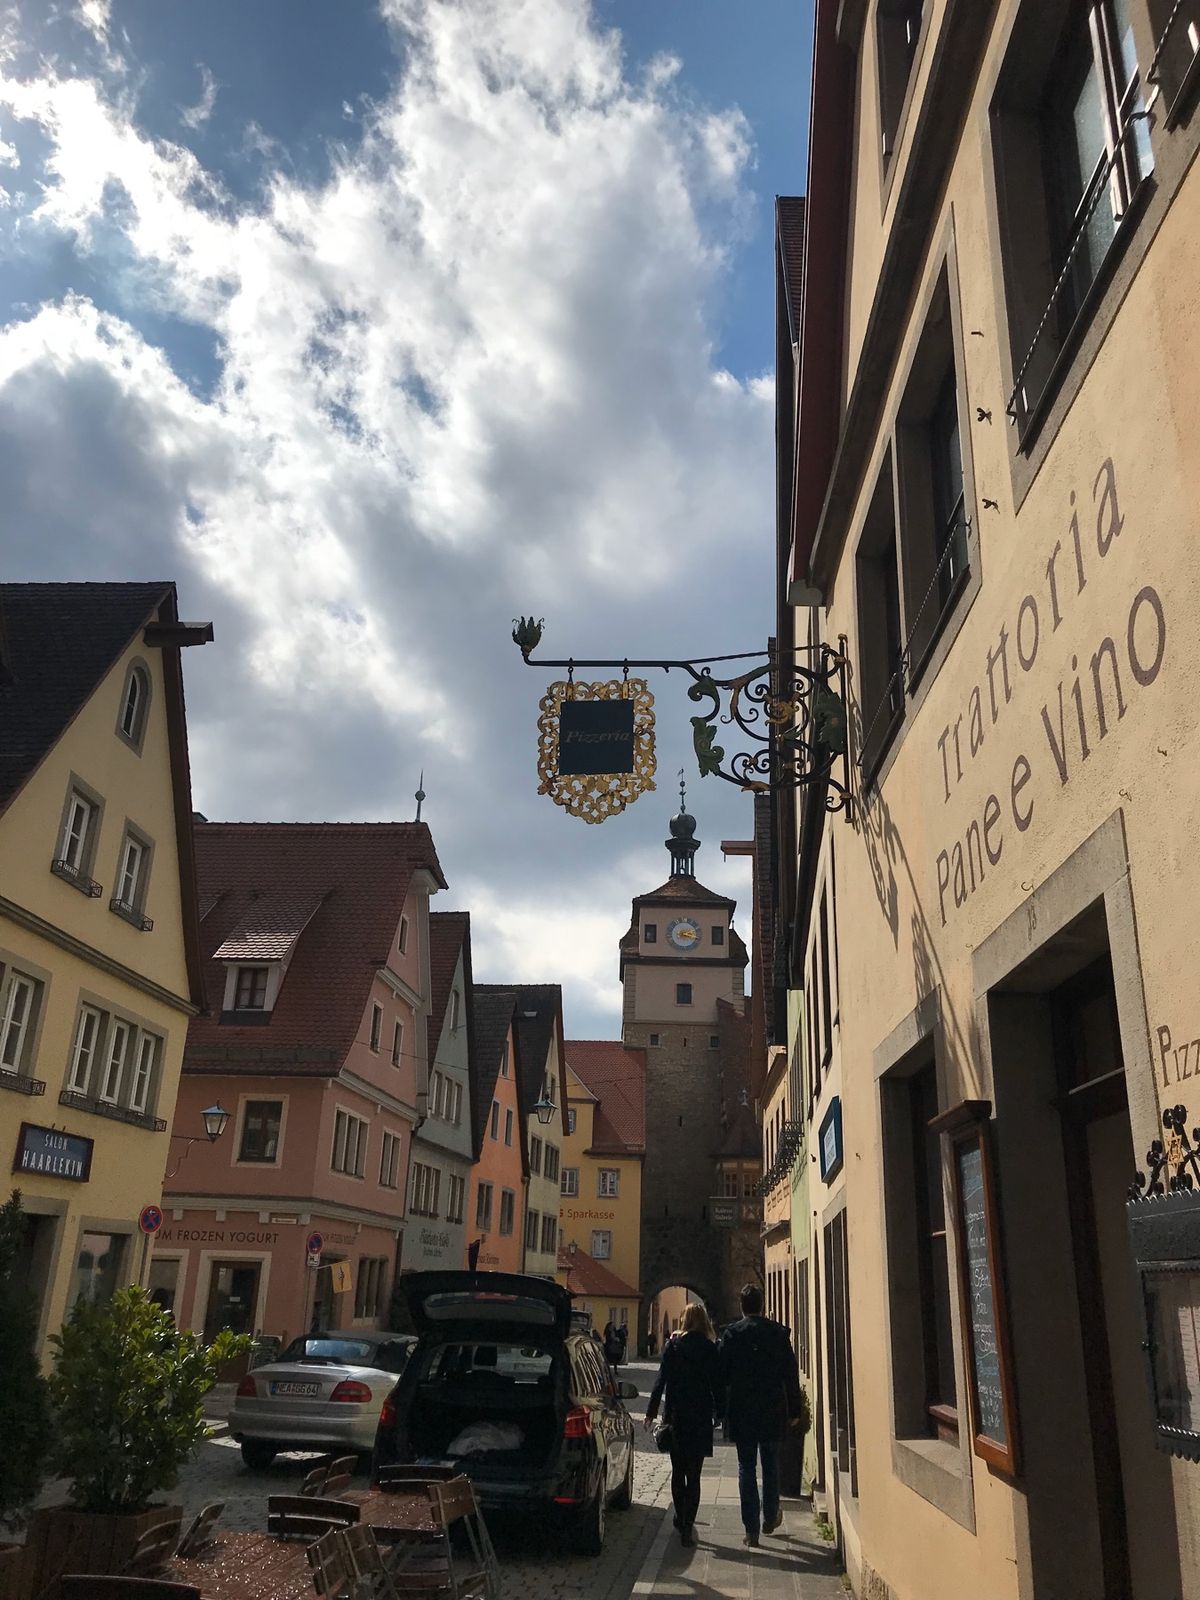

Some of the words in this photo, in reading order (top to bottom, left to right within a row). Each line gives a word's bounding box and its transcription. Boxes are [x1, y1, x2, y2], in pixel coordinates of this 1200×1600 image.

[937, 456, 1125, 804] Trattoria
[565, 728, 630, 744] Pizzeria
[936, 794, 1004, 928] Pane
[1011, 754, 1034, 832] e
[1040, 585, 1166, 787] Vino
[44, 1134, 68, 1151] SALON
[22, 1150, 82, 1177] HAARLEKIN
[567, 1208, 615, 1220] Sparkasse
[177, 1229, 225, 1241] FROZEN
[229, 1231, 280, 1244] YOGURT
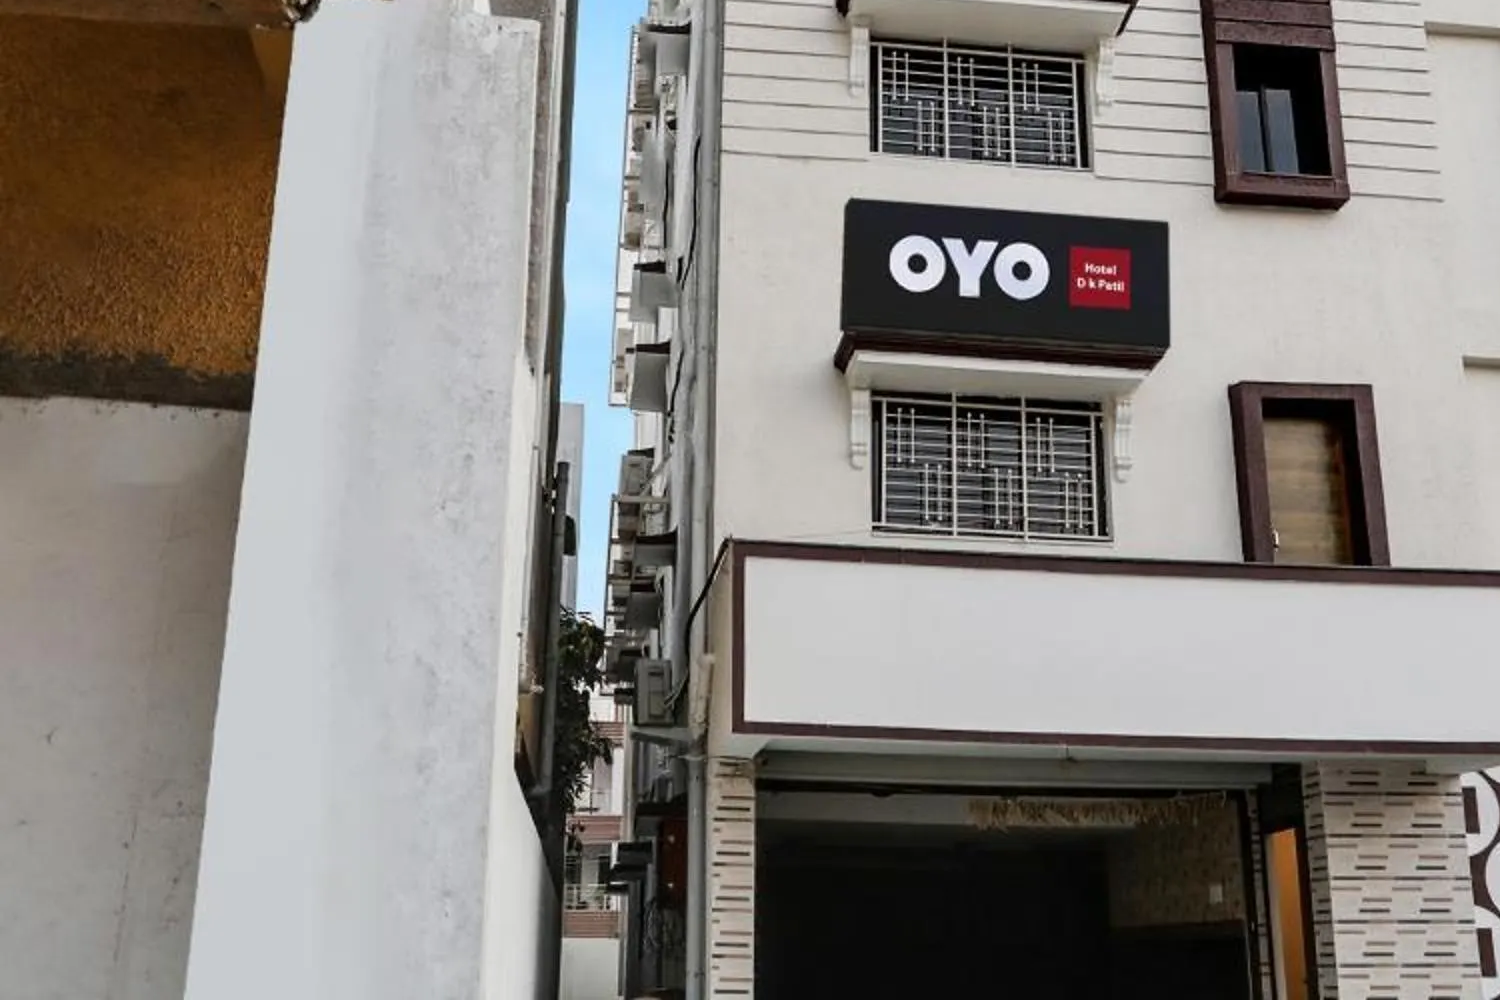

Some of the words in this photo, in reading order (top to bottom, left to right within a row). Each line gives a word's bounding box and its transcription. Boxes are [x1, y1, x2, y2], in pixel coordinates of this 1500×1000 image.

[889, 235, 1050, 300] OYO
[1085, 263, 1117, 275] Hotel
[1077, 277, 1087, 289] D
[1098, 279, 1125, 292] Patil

#### Work order:
When you copy the listing, keep every line exactly as it is but leave out all images.

#### Answer box:
Some of the words in this photo, in reading order (top to bottom, left to right within a row). Each line gives a word's bounding box and its transcription. Boxes are [x1, y1, x2, y2], in pixel coordinates of this 1200×1600 image.

[937, 456, 1125, 804] Trattoria
[565, 728, 630, 744] Pizzeria
[936, 794, 1004, 928] Pane
[1011, 754, 1034, 832] e
[1040, 585, 1166, 787] Vino
[44, 1134, 68, 1151] SALON
[22, 1150, 82, 1177] HAARLEKIN
[567, 1208, 615, 1220] Sparkasse
[177, 1229, 225, 1241] FROZEN
[229, 1231, 280, 1244] YOGURT

Some of the words in this photo, in reading order (top to bottom, left to right within a row). Each line gives a word's bounding box and its transcription. Boxes are [x1, y1, x2, y2], in pixel coordinates of this 1500×1000 image.

[889, 235, 1050, 300] OYO
[1085, 263, 1117, 275] Hotel
[1077, 277, 1087, 289] D
[1098, 279, 1125, 292] Patil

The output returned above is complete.